Digital technologies can empower health and nutrition research but implementing them safely and effectively is a major challenge. Linking multiple datasets, such as administrative electronic health records plus biomarker data (from e.g. the UK Biobank) for health research is leading to novel insights into the biological mechanisms and social determinants of disease, and risk modelling. The quality of diet and nutrition data in such datasets, particularly from routinely collected administrative healthcare care is a key area for improvement that necessitates novel digital innovation in dietary assessment methods. Examples of technologies designed for this purpose that were showcased at the 8th Summit include the MyFood24 app for diet assessment, tracking and analysis (based in the UK), a Telegram Bot with food recognition capabilities (based in East and Central Asia), and GIBSONIFY for collecting quantitative dietary data (based in India). This sub-theme also included discussion on the burgeoning field of precision nutrition, using nutrigenetics, molecular determinants, and -omics to individualise nutrition advice. One example discussed was the work of ZOE, a company using large-scale biometrics and data science to investigate individualised responses to foods (PREDICT) to develop a machine learning based digital nutrition tool that individualises diet advice for users.

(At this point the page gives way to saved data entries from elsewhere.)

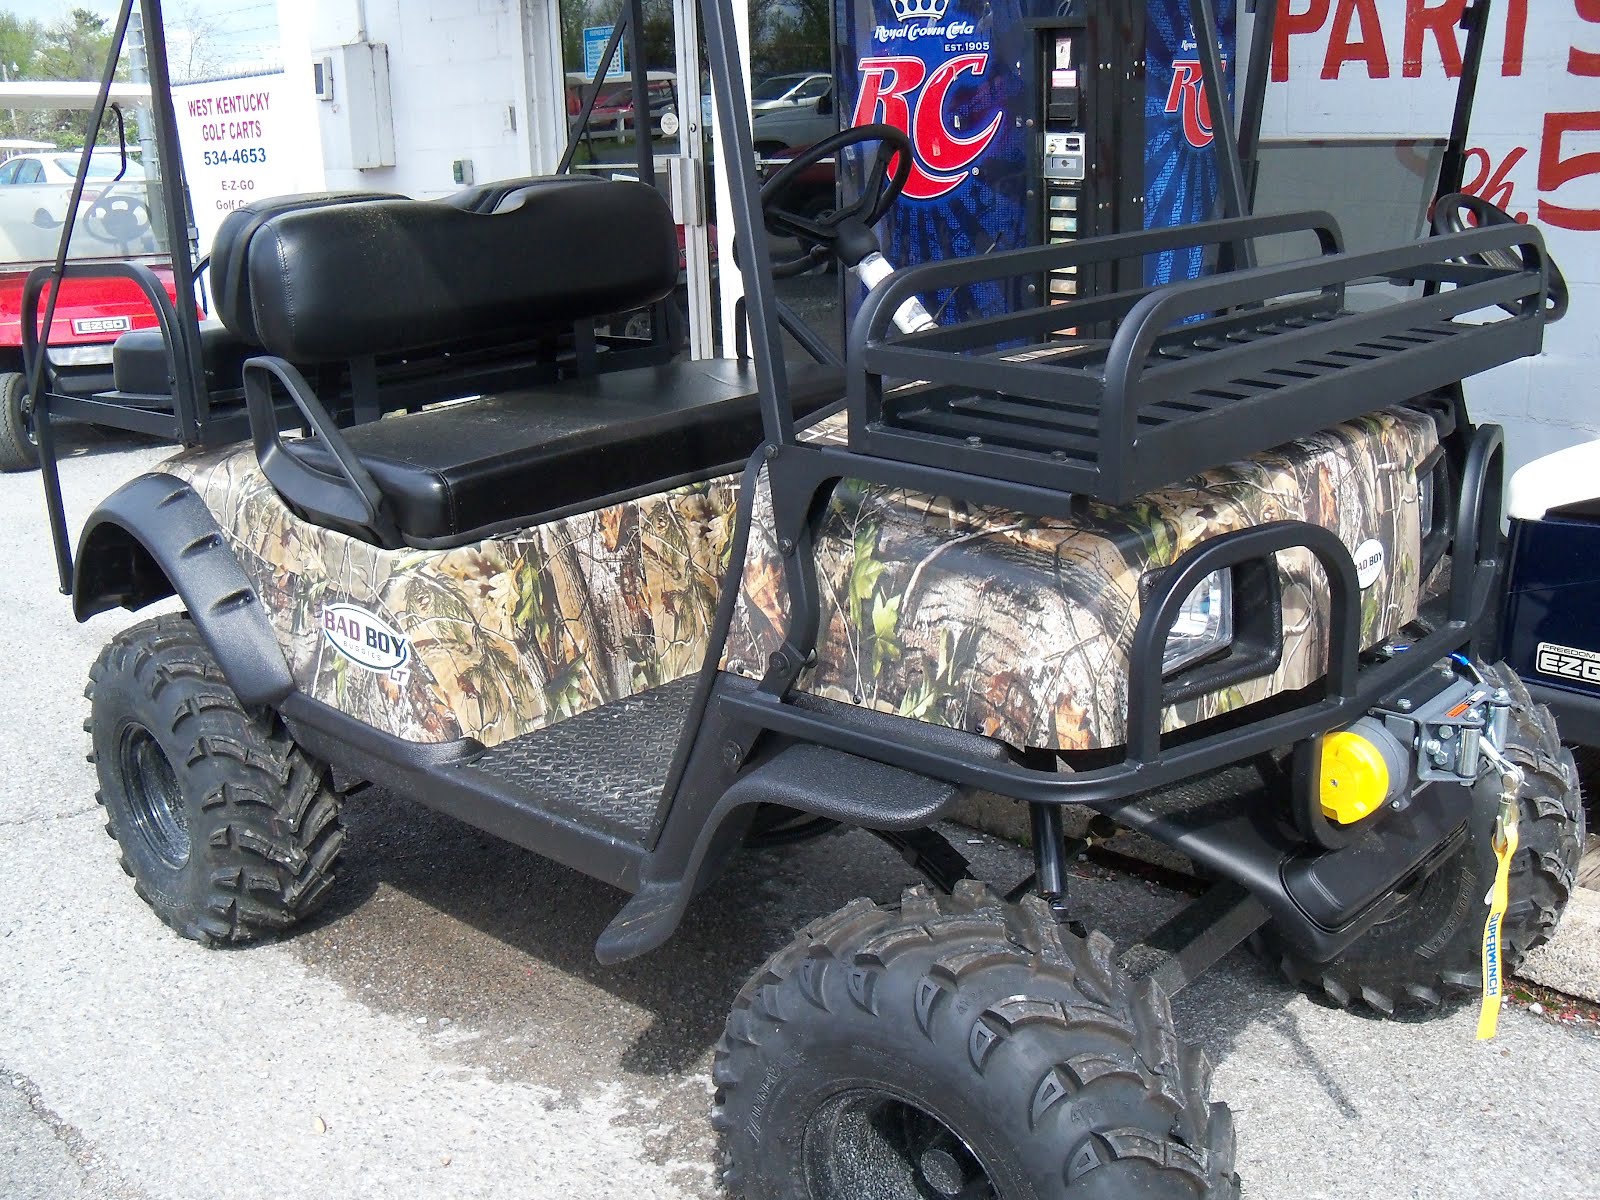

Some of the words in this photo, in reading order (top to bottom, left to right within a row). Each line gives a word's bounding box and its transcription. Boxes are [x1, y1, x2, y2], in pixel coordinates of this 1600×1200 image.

[874, 25, 909, 42] Royal
[907, 23, 946, 41] Crown
[946, 21, 975, 39] Cola
[1181, 40, 1198, 51] Roya
[188, 99, 212, 117] WEST
[216, 92, 270, 114] KENTUCKY
[202, 123, 226, 141] GOLF
[229, 119, 262, 139] CARTS
[850, 53, 1003, 198] RC
[203, 147, 267, 166] 534-4653
[221, 179, 255, 191] E-Z-GO
[216, 199, 235, 211] Golf
[1369, 552, 1382, 565] BOY
[324, 609, 361, 642] BAD
[365, 625, 406, 658] BOY
[343, 640, 382, 661] BUGGIES
[1542, 644, 1596, 659] FREEDOM
[389, 668, 407, 682] LT
[1486, 912, 1500, 996] SUPERWINCH

Crucially, to ensure their safe and effective implementation, such technologies should necessarily be subjected to practical validation in clinical and research settings using robust methods and with results reported in peer-reviewed publications. At the 8th Summit, key topics under this sub-theme included the practical, ethical, legal and regulatory issues involved in this process. Within this sector several actors are calling for these barriers to be minimised but the safety and quality assurances they were designed to ensure must be maintained. In Germany, for example, a mechanism (DiGA) has been developed to accelerate the regulatory approval process for digital health products into standard care.

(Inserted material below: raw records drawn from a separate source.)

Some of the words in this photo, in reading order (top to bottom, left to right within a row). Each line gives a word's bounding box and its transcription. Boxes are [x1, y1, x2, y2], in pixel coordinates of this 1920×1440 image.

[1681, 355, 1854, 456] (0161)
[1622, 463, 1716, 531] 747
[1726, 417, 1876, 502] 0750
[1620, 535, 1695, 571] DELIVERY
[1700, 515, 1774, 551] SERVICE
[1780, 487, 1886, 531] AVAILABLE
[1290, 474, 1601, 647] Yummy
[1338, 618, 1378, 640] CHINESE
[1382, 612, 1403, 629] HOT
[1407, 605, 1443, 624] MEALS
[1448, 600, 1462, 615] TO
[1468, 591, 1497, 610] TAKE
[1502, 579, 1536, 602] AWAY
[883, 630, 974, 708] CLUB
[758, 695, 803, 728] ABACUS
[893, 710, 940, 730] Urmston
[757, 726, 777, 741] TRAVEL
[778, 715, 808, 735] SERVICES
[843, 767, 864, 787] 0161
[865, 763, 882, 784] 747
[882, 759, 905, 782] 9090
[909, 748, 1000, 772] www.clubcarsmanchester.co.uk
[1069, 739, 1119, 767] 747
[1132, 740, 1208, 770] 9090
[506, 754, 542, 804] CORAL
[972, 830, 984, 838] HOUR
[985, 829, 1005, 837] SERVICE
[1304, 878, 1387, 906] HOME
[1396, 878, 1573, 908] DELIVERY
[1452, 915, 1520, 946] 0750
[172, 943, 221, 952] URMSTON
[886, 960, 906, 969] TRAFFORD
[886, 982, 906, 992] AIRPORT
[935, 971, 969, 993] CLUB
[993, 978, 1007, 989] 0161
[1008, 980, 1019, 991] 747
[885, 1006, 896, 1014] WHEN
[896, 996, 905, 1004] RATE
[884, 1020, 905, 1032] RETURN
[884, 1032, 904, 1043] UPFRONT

Education remains a keystone in improving nutrition in clinical practice and research. Digital technologies have the potential to improve the quality and expand the reach of nutrition education. For example, NNEdPro members in Australia and Asia have been developing nutrition education frameworks for healthcare professionals, and online educational platforms to deliver teaching. In Portugal, PLATE is a digital, school-based food literacy program that utilises gamification to encourage healthy diets and prevent adolescent obesity.